Invitations are issued annually for students to submit abstracts of their research for review. This year eight were selected from more than 90 participants for oral presentations. In the forum poster session, more than 60 students presented posters and eight were recognized with awards. The oral presenters and poster prize winners received certificates and cash awards.

Taking part in his first Medical Student Research Forum since becoming chairman of internal medicine, Dr. David Johnson spoke to the participants about the importance of having not just a mentor but the right mentor. “Good mentorship is priceless,” he said. “So choose wisely.”
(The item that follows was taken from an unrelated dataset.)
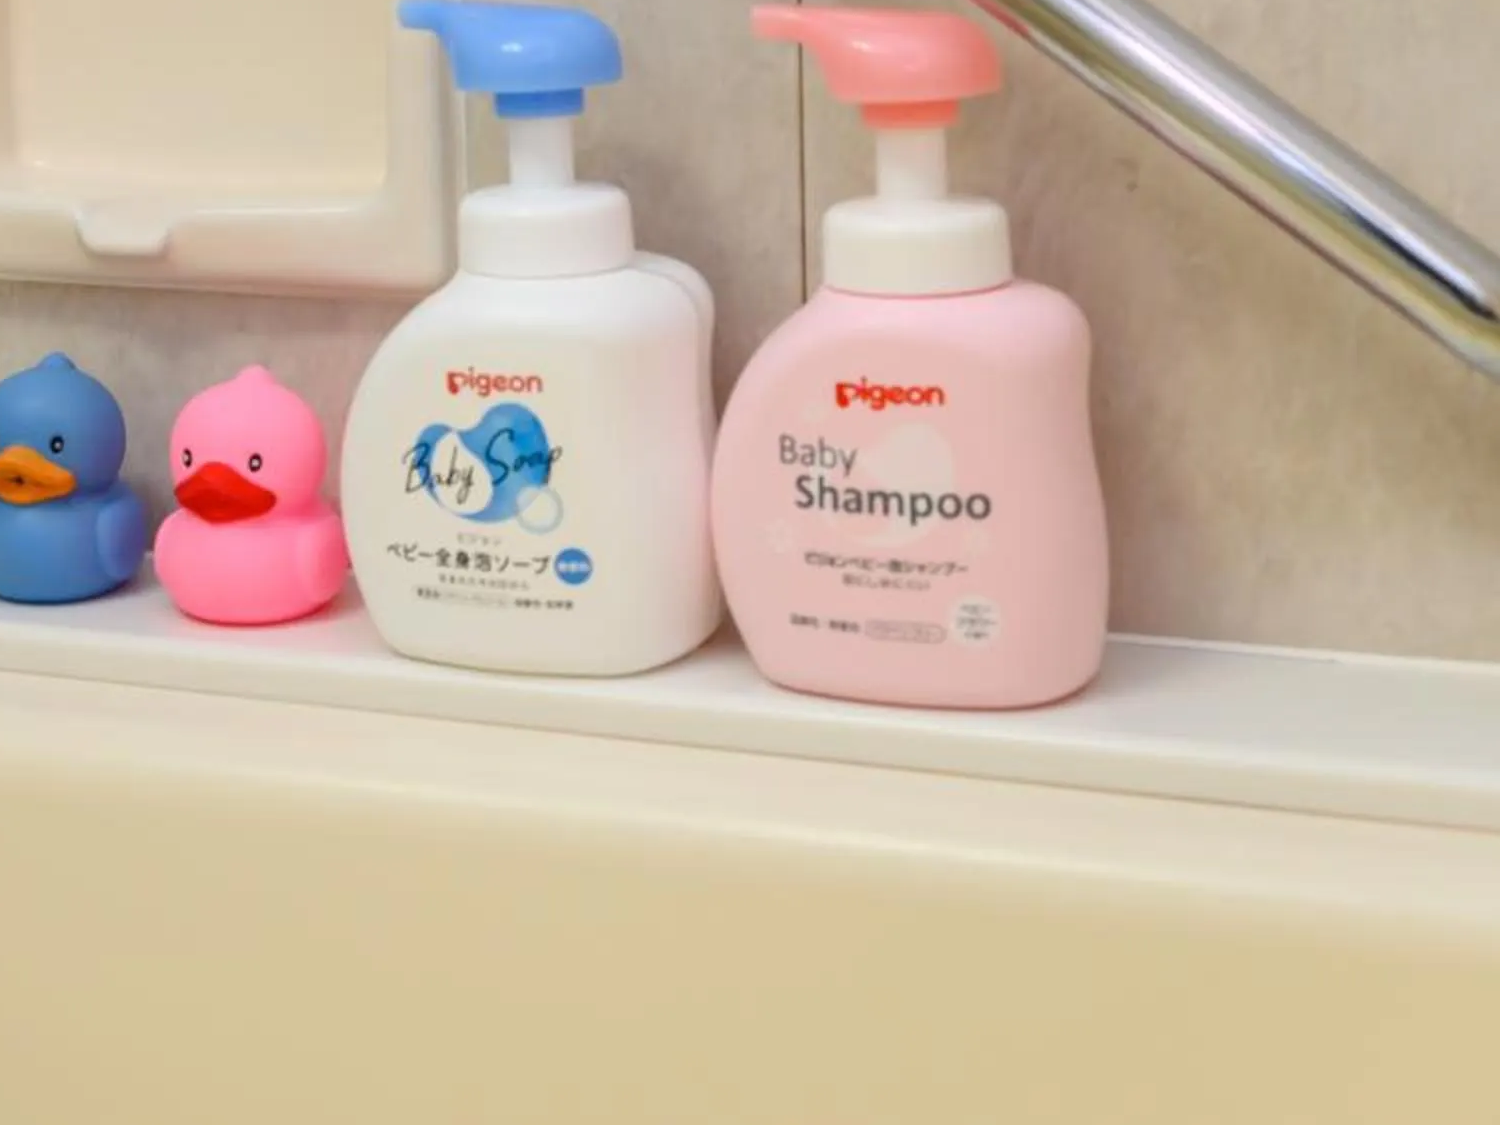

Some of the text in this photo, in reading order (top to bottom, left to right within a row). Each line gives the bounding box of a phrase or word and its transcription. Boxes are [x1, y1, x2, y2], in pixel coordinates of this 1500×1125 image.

[402, 442, 475, 504] Baby
[778, 432, 858, 477] Baby
[794, 474, 992, 527] Shampoo
The oral presenters, their topics and mentors were:

Viswatej Avutu, “Peptide H2009.1 Uptake by αvβ6 in Non-Small Cell Lung Cancer Cells.” Mentor: Dr. Kathlynn Brown, assistant professor of internal medicine

Kathryn Bowman, “Boosting of HIV-Specific CTL Responses Following Therapeutic Vaccination of HIV-Infected Individuals.” Mentors: Drs. Richard Koup and Joseph Casazza, National Institutes of Health

Jay Coleman, “Myocyte Autophagy is Maladaptive in Doxorubicin-induced Cardiotoxicity.” Mentors: Dr. Thomas Gillette, assistant professor of internal medicine, and Dr. Joseph Hill, professor of internal medicine

Jacob Grange, “Regulation of Urine Calcium by Acid-Base and Magnesium.”

Mentor: Dr. Naim Maalouf

Sandeep Mehta, “AMPK Suppresses Autophagy in Redox-Stressed Cardiomyocytes.” Mentors: Dr. Andriy Nemchenko, postdoctoral researcher in internal medicine, and Dr. Hill

Nikhil Narang, Doris Duke Clinical Research Fellow, “Substantial Error in Estimation versus Measurement of Oxygen Consumption: Implications for Clinical Hemodynamic Assessment.” Mentor: Dr. Darren McGuire, associate professor of internal medicine

Suzette Toombs, “Prospective Validation of Prognostic Biomarker Panel for Bladder Cancer Management at Time of Transurethral Resection.” Mentor: Dr. Yair Lotan, associate professor of urology

Jia Wang, “Perioperative Continuation versus Interruption of Oral Hypoglycemic Agents in Type 2 Diabetic Patients Undergoing Ambulatory Surgery.” Mentor: Dr. Adebola Adesanya

Poster session awards went to:

Jules Bergmann, “Relationship Between Childhood Obesity, Maternal Weight Gain in Pregnancy and Fetal Growth.” Mentor: Dr. Charles Rosenfeld, professor of pediatrics

Stephanie Bezner, “Utility of Long-Term Neuroimaging in Patients With Cerebellar Pilocytic Astrocytomas.” Mentor: Dr. Laura Klesse, assistant professor of pediatrics

Kathryn Bowman, “Boosting of HIV-Specific CTL Responses Following Therapeutic Vaccination of HIV-Infected Individuals.” Mentor: Dr. Koup,

Matthew Campbell, “The Metabolic Profile of Early Zebrafish Development.” Mentor: Dr. James Amatruda, assistant professor of pediatrics

Megha Mehta, “What Parents of Overweight Children Want: A Qualitative Study of Parental Expectations Regarding Weight Management in Overweight Children.” Mentors: Dr. Christy Turer, instructor of pediatrics, and Dr. Glenn Flores, professor of pediatrics

Sandeep Mehta, “AMPK Suppresses Autophagy in Redox-Stressed Cardiomyocytes.” Mentors: Drs. Nemchenko and Hill

Khoan Vu, “Analysis of Vibrio parahaemolyticus Pathogenicity in a Germ-Free Mouse Model.” Mentor: Dr. Kim Orth, associate professor of molecular biology

Raj Gondalia, “Unloading-Induced Cardiac Atrophy: Role of Forkhead Transcription Factors.” Mentor: Dr. Hill.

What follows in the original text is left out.